The debate over how much to read into Trump's tweets has run cable news ragged, not to mention his own administration. Trump's prime supporters have regularly tried to downplay the content and power of his tweets. Counselor to the president and former campaign manager Kellyanne Conway accused the media of going overboard when it came to analyzing the president's messages, saying, “This obsession with covering everything he says on Twitter and very little what he does as president,” she told NBC's the TODAY Show earlier this month. Principal Deputy White House Press Secretary, Sarah Huckabee Sanders, echoed that sentiment saying the press is strung out, “over every period, dot,” of the president's social media presence.
In, perhaps, an attempt to both have and eat his cake, Press Secretary Sean Spicer pointed out the breadth of Trump's reach as far as his social media following goes, saying: "The president is the most effective messenger on his agenda and I think his use of social media — he now has a collective total of close to 110 million people across different platforms — gives him an opportunity to speak straight to the American people which has proved to be a very, very effective tool."
However, even Spicer admitted there was (at least some) gravity to Trump's tweets, saying in June that, "The president is president of the United States, so they are considered official statements by the president of the United States."
The 9th Circuit may have ended the efforts to dismiss Trump's tweets as mere superficial points of obsession for the pesky mainstream media. Although it was just footnote in the decision, the court found that Trump's tweets are a matter of public record and can be used to influence further rulings:
"Indeed, the President recently confirmed his assessment that it is the “countries” that are inherently dangerous, rather than the 180 million individual nationals of those countries who are barred from entry under the President’s “travel ban.” See Donald J. Trump (@realDonaldTrump), Twitter (June 5, 2017, 6:20 PM), https://twitter.com/realDonaldTrump/status/871899511525961728 (“That’s right, we need a TRAVEL BAN for certain DANGEROUS countries, not some politically correct term that won’t help us protect our people!”) (emphasis in original);"

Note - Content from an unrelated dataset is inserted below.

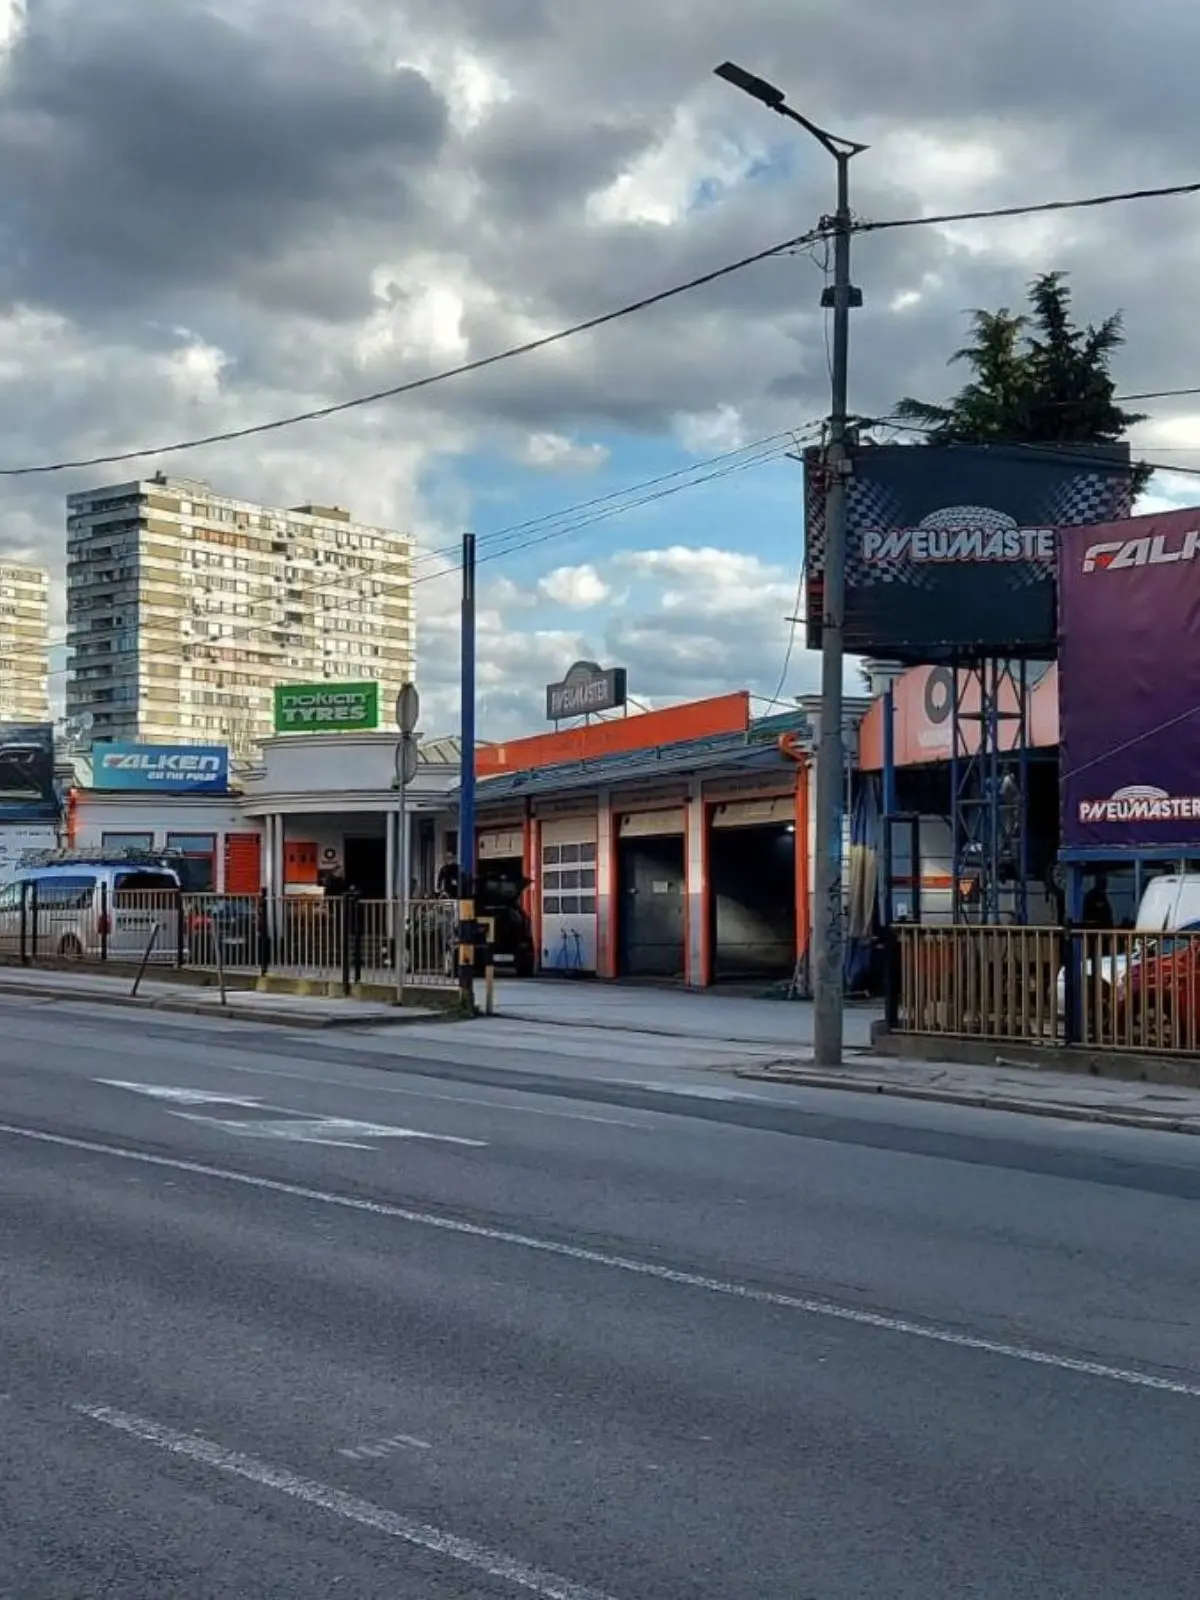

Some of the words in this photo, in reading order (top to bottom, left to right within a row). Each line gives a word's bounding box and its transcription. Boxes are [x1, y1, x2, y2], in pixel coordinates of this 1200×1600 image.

[863, 529, 1054, 559] PNEUMASTE
[282, 706, 368, 722] TYRES
[102, 753, 220, 770] FALKEN

And the president's tweets may be further codified. Democratic Rep. Mike Quigley introduced legislation to incorporate social media into the Presidential Records Act — and, thus, make it illegal for the president to delete tweets. Whether Quigley's Communications Over Various Feeds Electronically for Engagement — aptly referred to as the COVFEFE Act — is passed remains to be seen. And whether the COVFEFE Act would moderate the president's Twitter habits is an even bigger question mark.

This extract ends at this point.